## What is expected
Transcribe the data exactly, omitting whatever pictures it holds.

## Task inputs

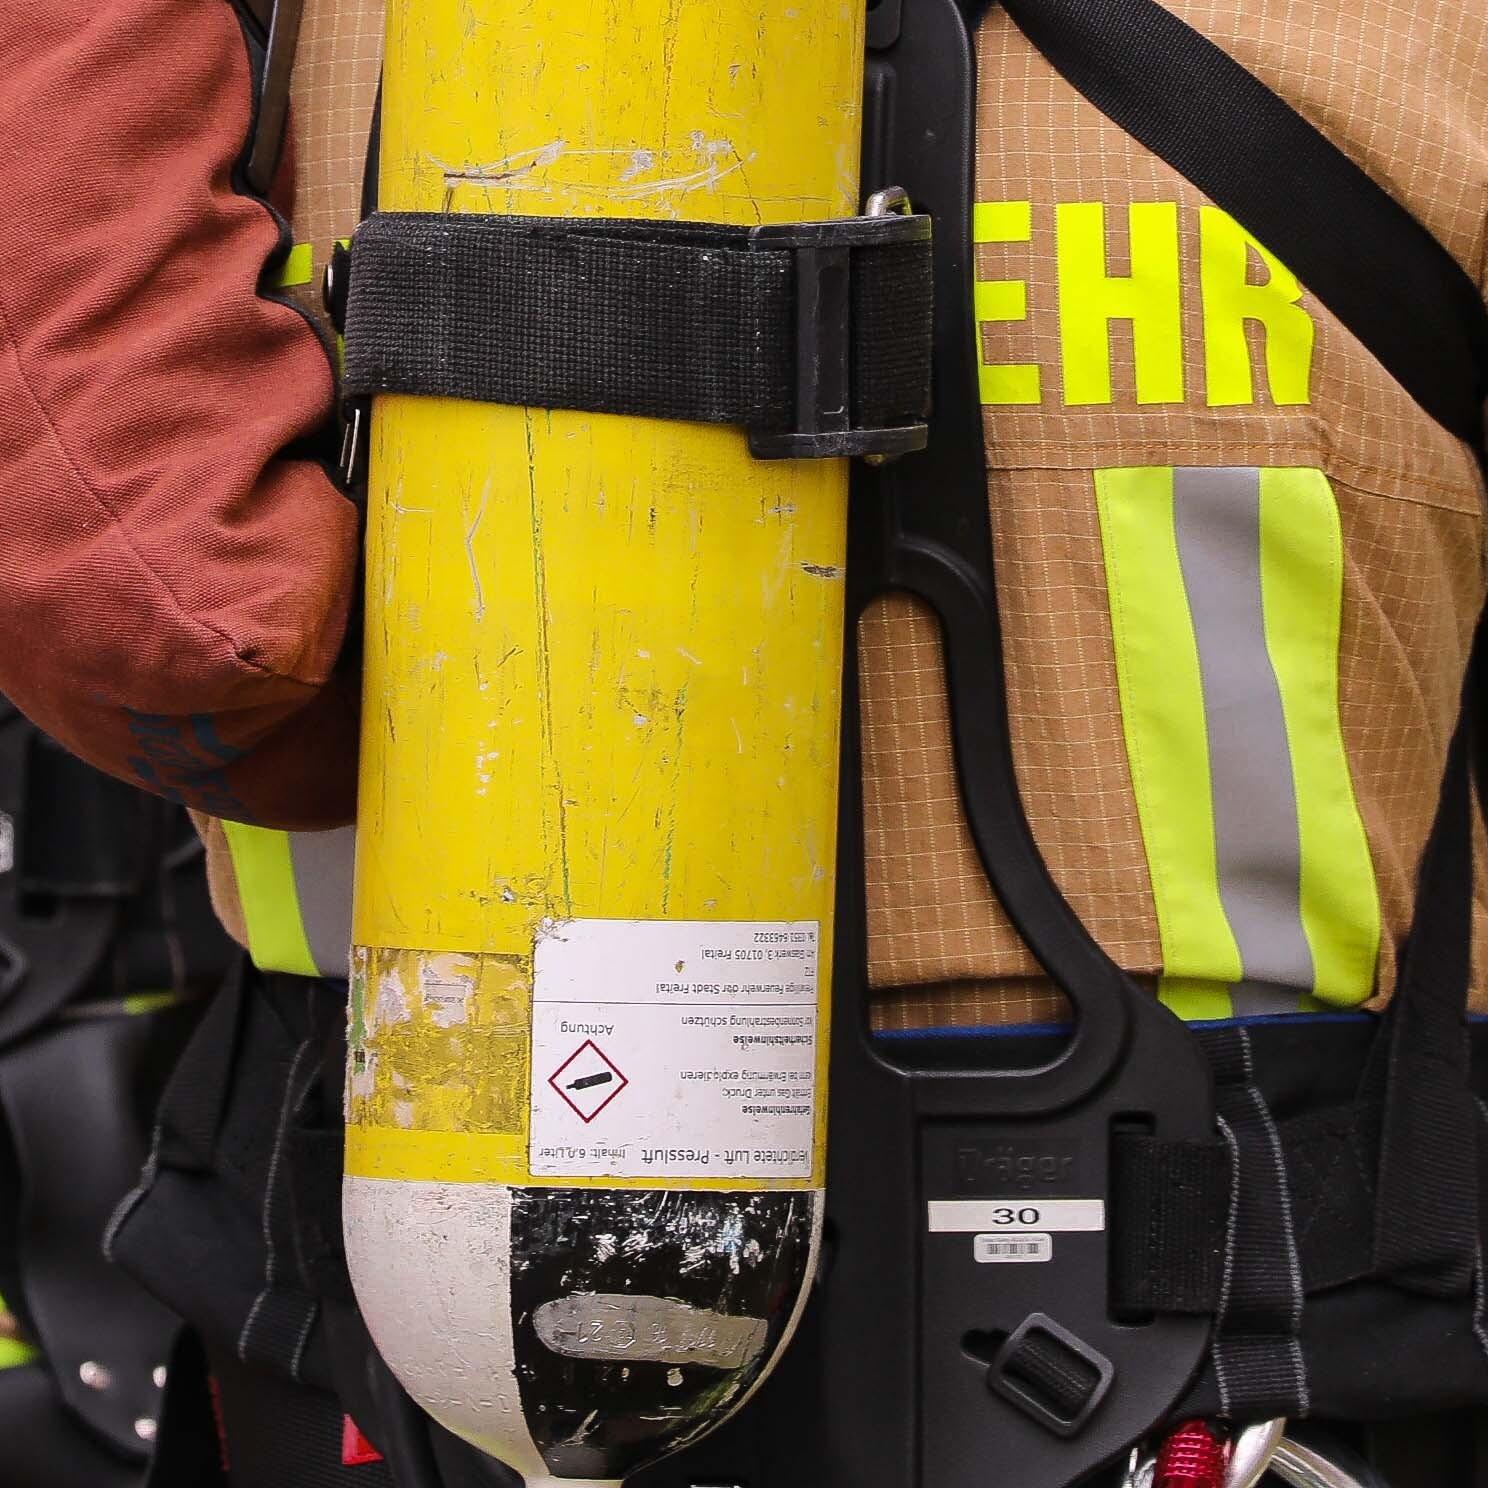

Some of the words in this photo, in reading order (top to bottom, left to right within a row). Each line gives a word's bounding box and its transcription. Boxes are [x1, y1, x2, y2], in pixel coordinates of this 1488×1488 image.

[974, 201, 1314, 406] EHR
[701, 950, 732, 960] Freital
[656, 984, 689, 994] Freital
[692, 984, 720, 994] Stadt
[560, 1021, 615, 1036] Achtung
[681, 1017, 728, 1027] schützen
[641, 1149, 709, 1165] Pressluft
[724, 1150, 750, 1164] Luft
[992, 1208, 1040, 1224] 30
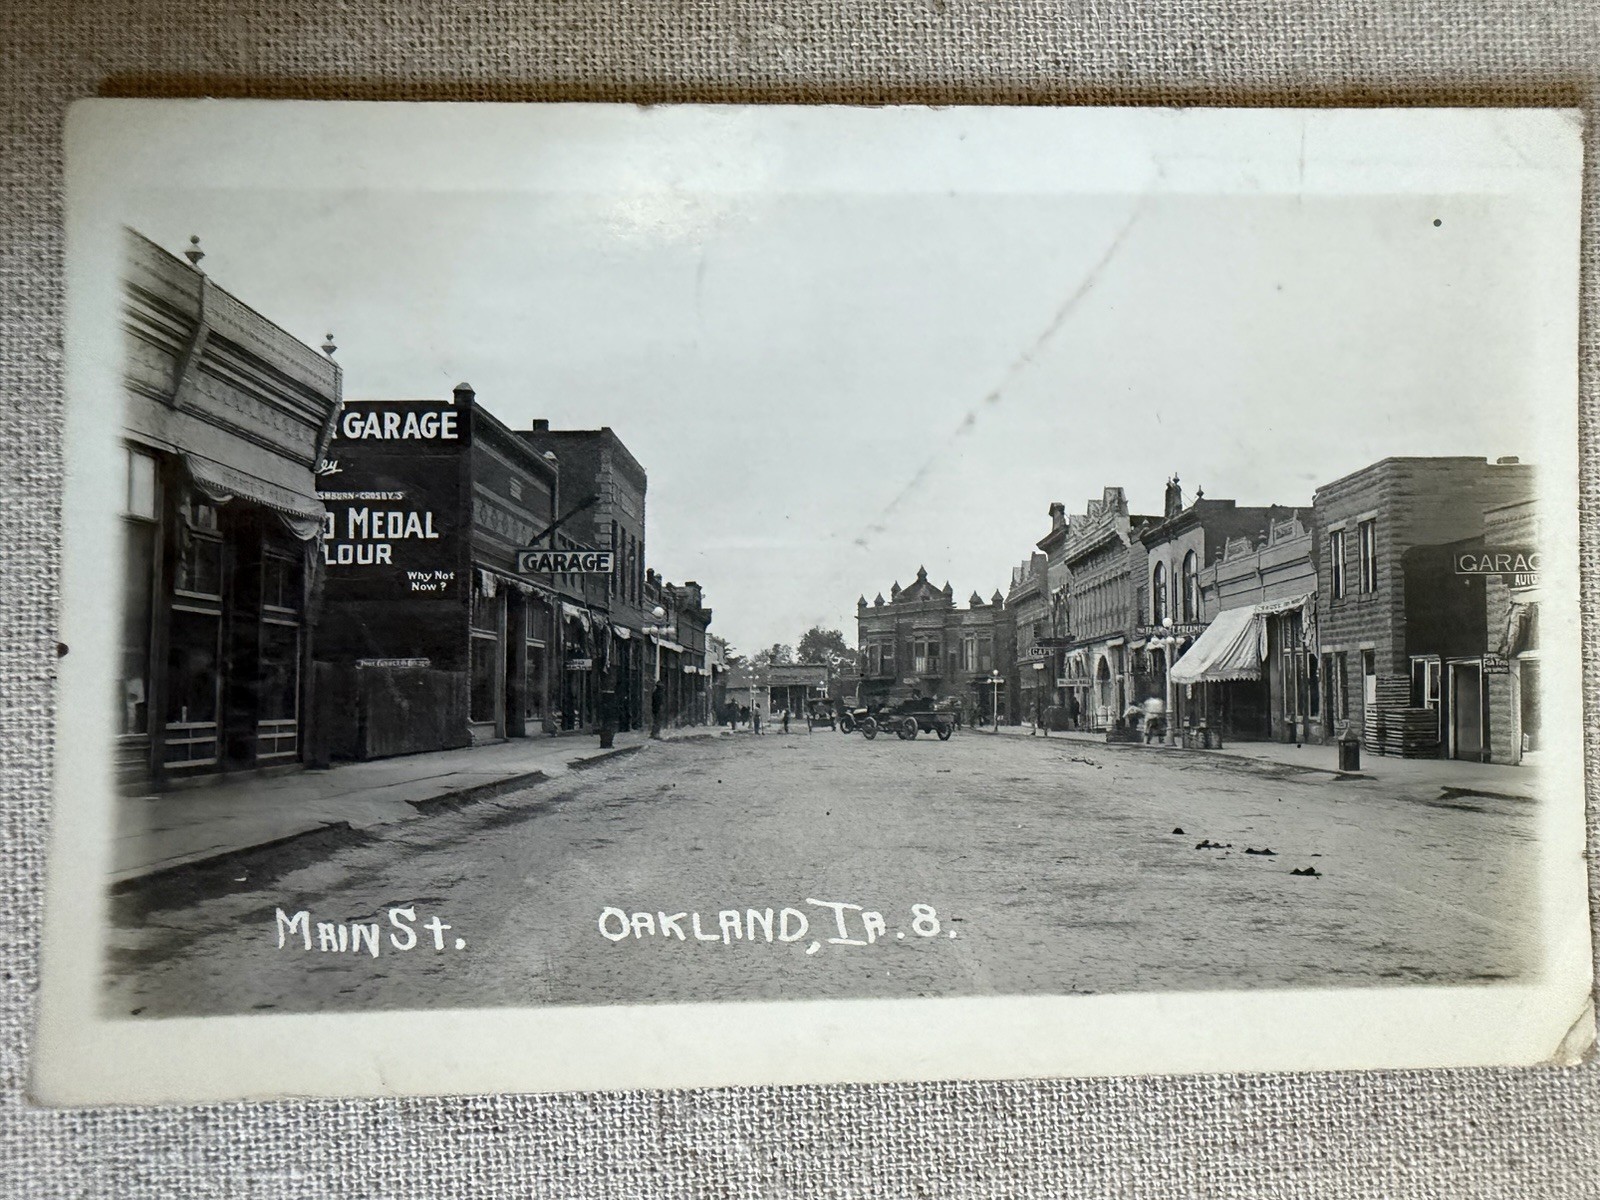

## The completed task
Some of the words in this photo, in reading order (top to bottom, left to right within a row). Each line gives a word's bounding box and its transcription. Boxes are [x1, y1, x2, y2], in pixel coordinates of this 1488×1488 image.

[974, 201, 1314, 406] EHR
[701, 950, 732, 960] Freital
[656, 984, 689, 994] Freital
[692, 984, 720, 994] Stadt
[560, 1021, 615, 1036] Achtung
[681, 1017, 728, 1027] schützen
[641, 1149, 709, 1165] Pressluft
[724, 1150, 750, 1164] Luft
[992, 1208, 1040, 1224] 30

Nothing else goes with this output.